Nidal Hasan guilty in Fort Hood massacre. Next question: life, or death?

Army Maj. Nidal Hasan was convicted Friday of all charges stemming from 2009 attack at Fort Hood, Texas, which killed 13 and wounded 30. Hasan has said he wants a martyr's death. Starting Monday, jurors will begin considering that option.

|
Brigitte Woosley/AP
In this court room sketch, Judge Col. Tara Osborn, top, Maj. Nidal Malik Hasan, right, and defense attorney, Lt. Col. Kris Poppe, left, are shown, Wednesday, Aug. 21, in Fort Hood, Texas. Hasan got the verdict Friday he seemed to have already accepted: guilty on all counts in Fort Hood massacre.

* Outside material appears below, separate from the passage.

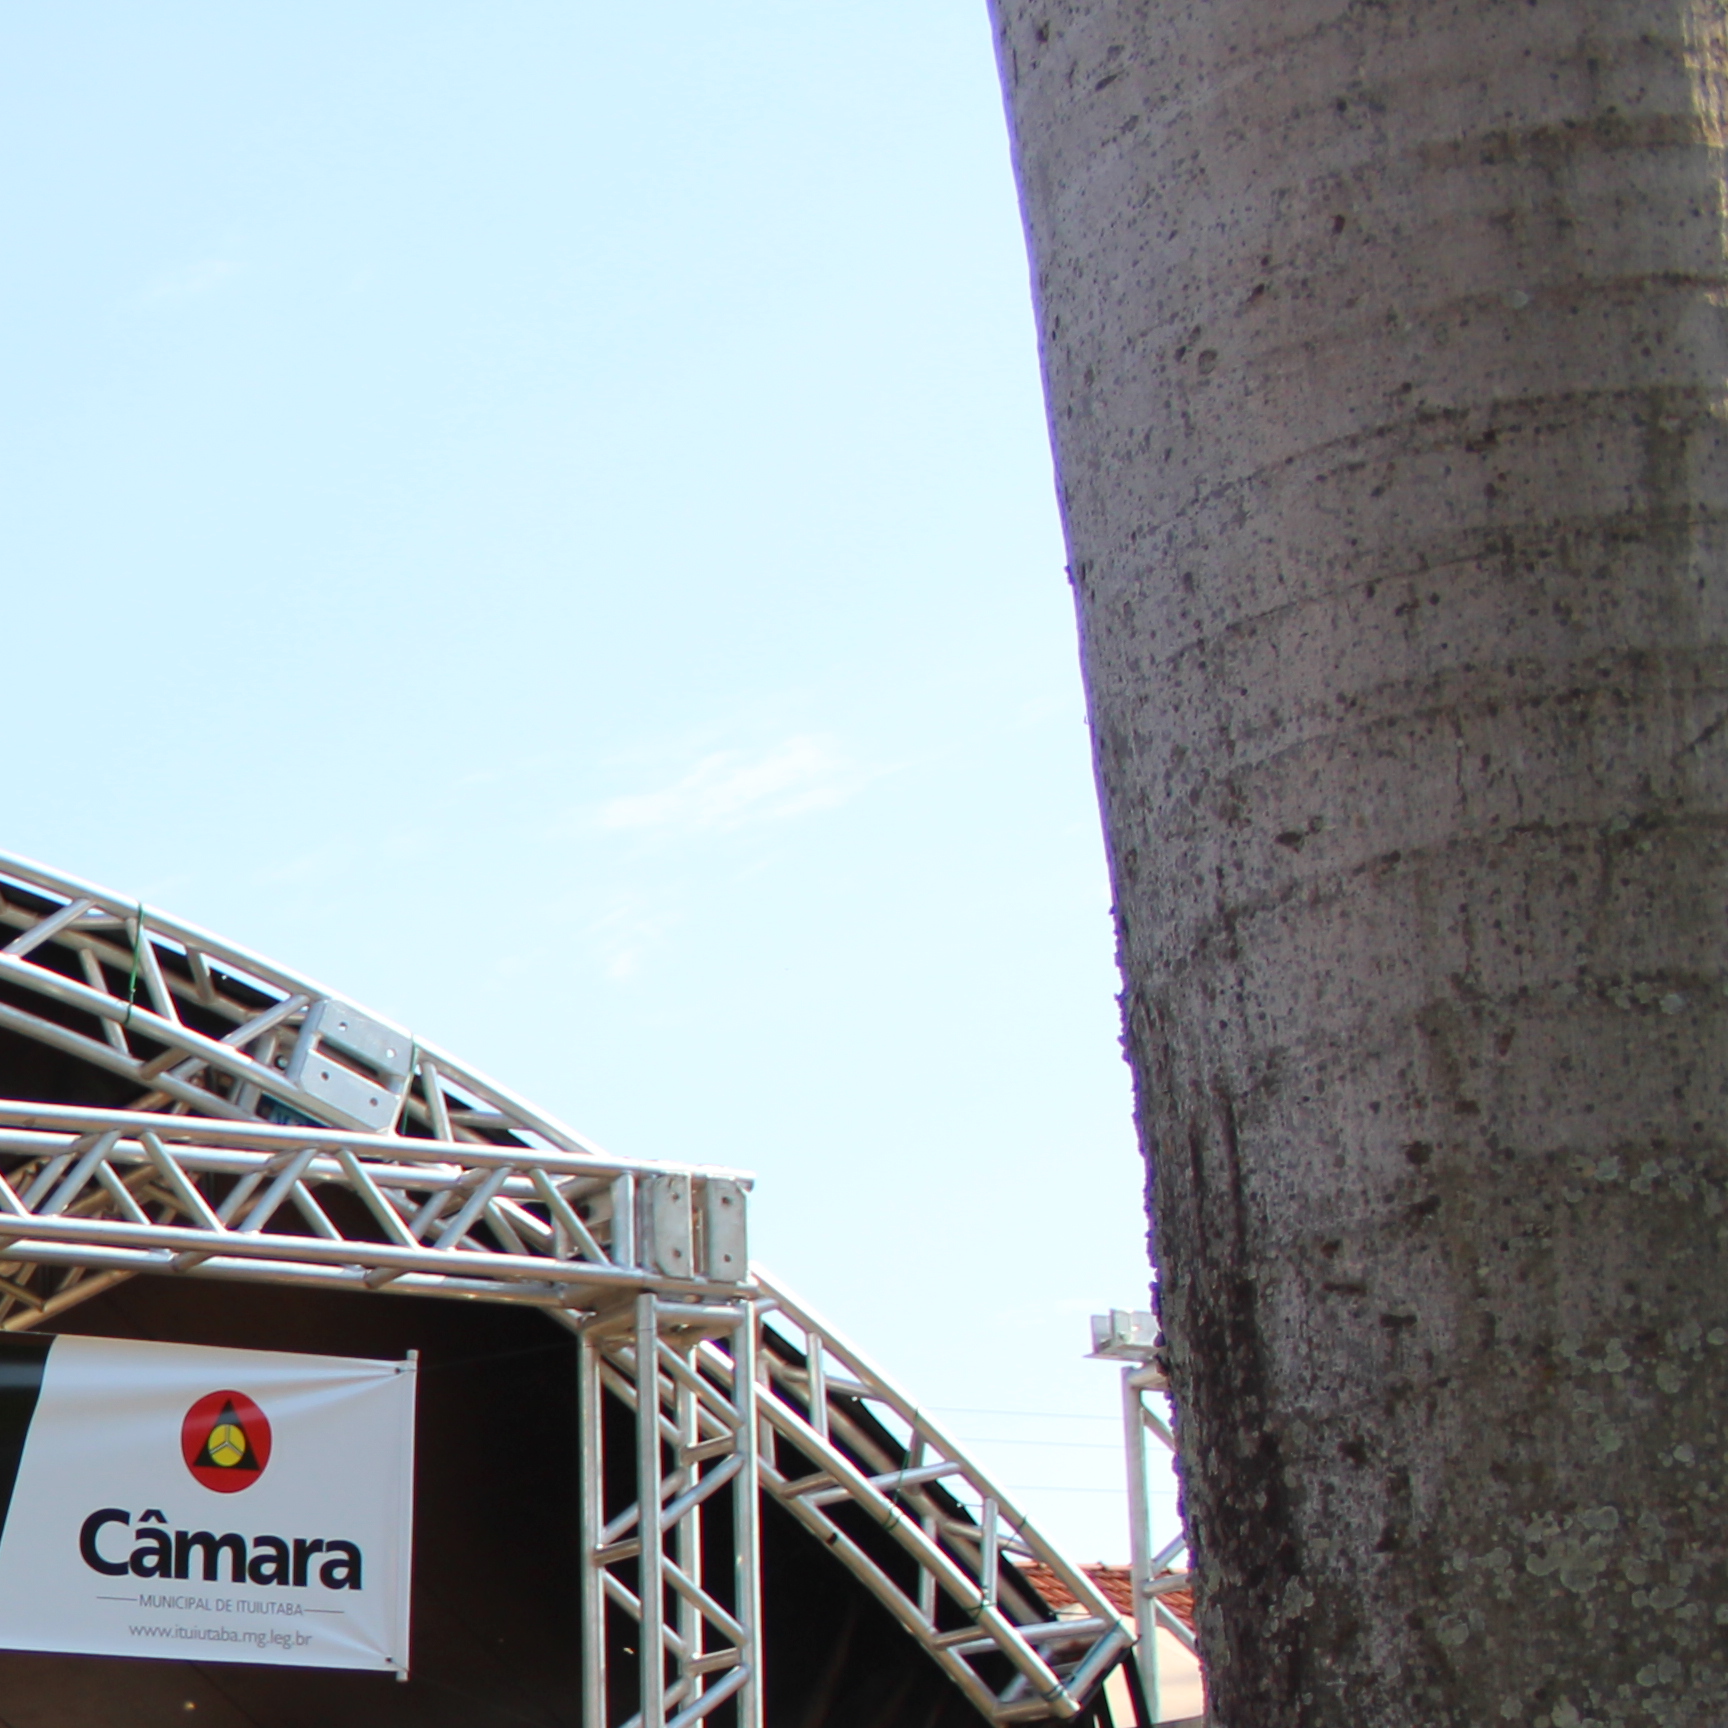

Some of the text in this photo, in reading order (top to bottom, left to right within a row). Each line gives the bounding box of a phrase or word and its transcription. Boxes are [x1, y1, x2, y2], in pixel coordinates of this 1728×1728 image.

[79, 1507, 363, 1591] Câmara
[139, 1594, 304, 1616] MUNICIPAL DE ITUIUTABA
[128, 1622, 313, 1650] www.ituiutaba.mg.leg.br

US Army Maj. Nidal Hasan got the verdict Friday he seemed to have already accepted: guilty on all counts for his Nov. 5, 2009, attack at the US military base at Fort Hood.

But will the military jury at Hasan’s court-martial give him what he has said he desires – a martyr’s death?

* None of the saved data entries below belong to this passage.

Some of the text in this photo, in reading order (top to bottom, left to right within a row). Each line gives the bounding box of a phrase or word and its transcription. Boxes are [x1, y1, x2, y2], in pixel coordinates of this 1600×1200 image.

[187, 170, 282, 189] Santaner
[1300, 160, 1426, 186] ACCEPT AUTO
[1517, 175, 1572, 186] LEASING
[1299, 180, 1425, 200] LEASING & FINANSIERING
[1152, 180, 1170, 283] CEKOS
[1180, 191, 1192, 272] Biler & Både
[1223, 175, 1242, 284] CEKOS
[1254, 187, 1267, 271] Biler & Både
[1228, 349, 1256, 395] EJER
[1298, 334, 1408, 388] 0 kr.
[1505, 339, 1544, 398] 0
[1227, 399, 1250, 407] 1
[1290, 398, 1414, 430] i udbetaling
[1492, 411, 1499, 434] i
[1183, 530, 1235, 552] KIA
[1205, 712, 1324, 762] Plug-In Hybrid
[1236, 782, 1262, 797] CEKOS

An 11-man, two-woman jury spent six hours deliberating the case that the prosecution had laid before them: that Hasan, a US Army major whose parents were Palestinians, had transformed into a jihadist traitor, carrying out an attack on American soldiers about to depart for the Afghan and Iraq fronts. Jurors will consider his punishment starting Monday, when Hasan may for the first time publicly speak about his actions.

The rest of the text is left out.